[OVN] Frequent DB leader changes causes 'VIF creation failed' on nova side

Bug #1969592 reported by Oleg Konobeev
20
This bug affects 3 people
Affects Status Importance Assigned to Milestone
OpenStack Compute (nova)
Incomplete
Undecided
Unassigned
neutron
Fix Released
Undecided
Unassigned

Bug Description

Hello guys.

As I found in 2021 there was a commit to OVS [since OVS v2.16 or 2.15 with that backport] that changed behavior during OVN DBs snapshoting.
Now before the leader creates a snapshot it will transfer leadership to another node.

We've run tests with rally and tempest and looks like there is a problem now when there is interaction between nova and neutron.
For example, simple rally test like 'create {network,router,subnet} -> add interface to router' looks okay even with 256 concurrent same tests/threads.
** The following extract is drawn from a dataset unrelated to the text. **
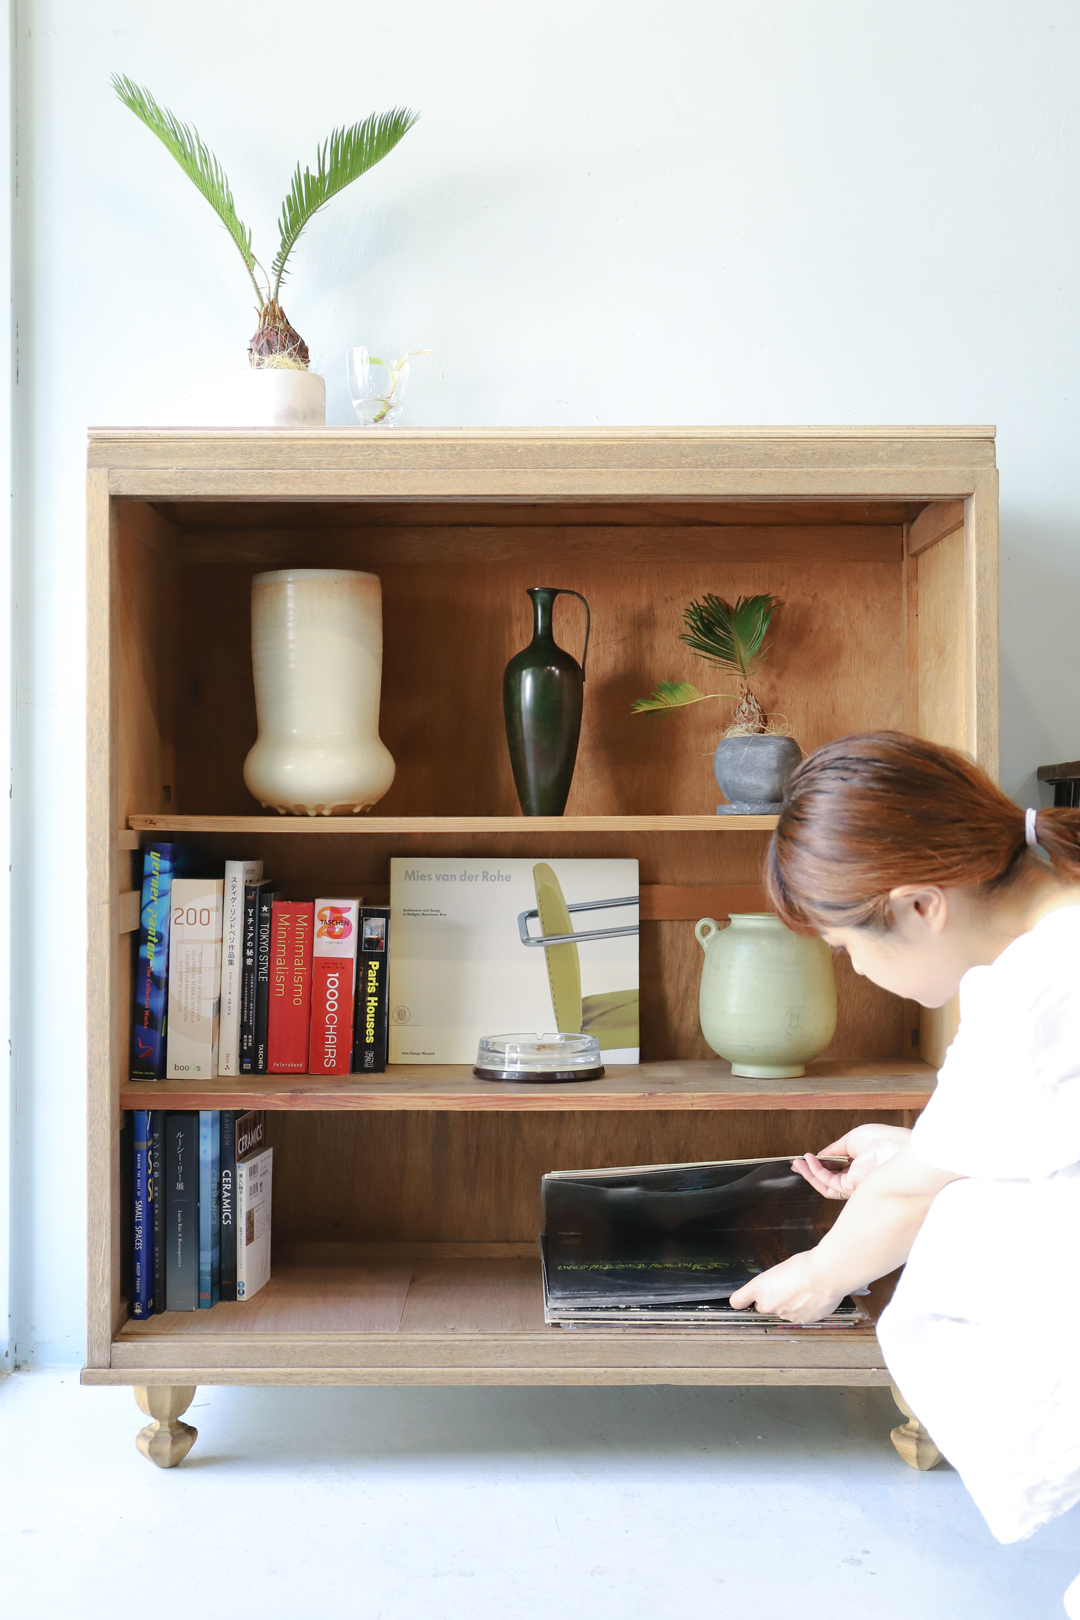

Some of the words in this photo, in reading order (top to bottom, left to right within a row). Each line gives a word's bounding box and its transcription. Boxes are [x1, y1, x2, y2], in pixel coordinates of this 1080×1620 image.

But something like 'neutron.create_subnet -> nova.boot_server -> nova.attach_interface' will fail in time when transfer leadership happens.
Since it happens to often [ each 10m + rand(10) ] we will get a lot of errors.

This problem can be observed on all versions where OVS 2.16 [or backport] or higher invited :)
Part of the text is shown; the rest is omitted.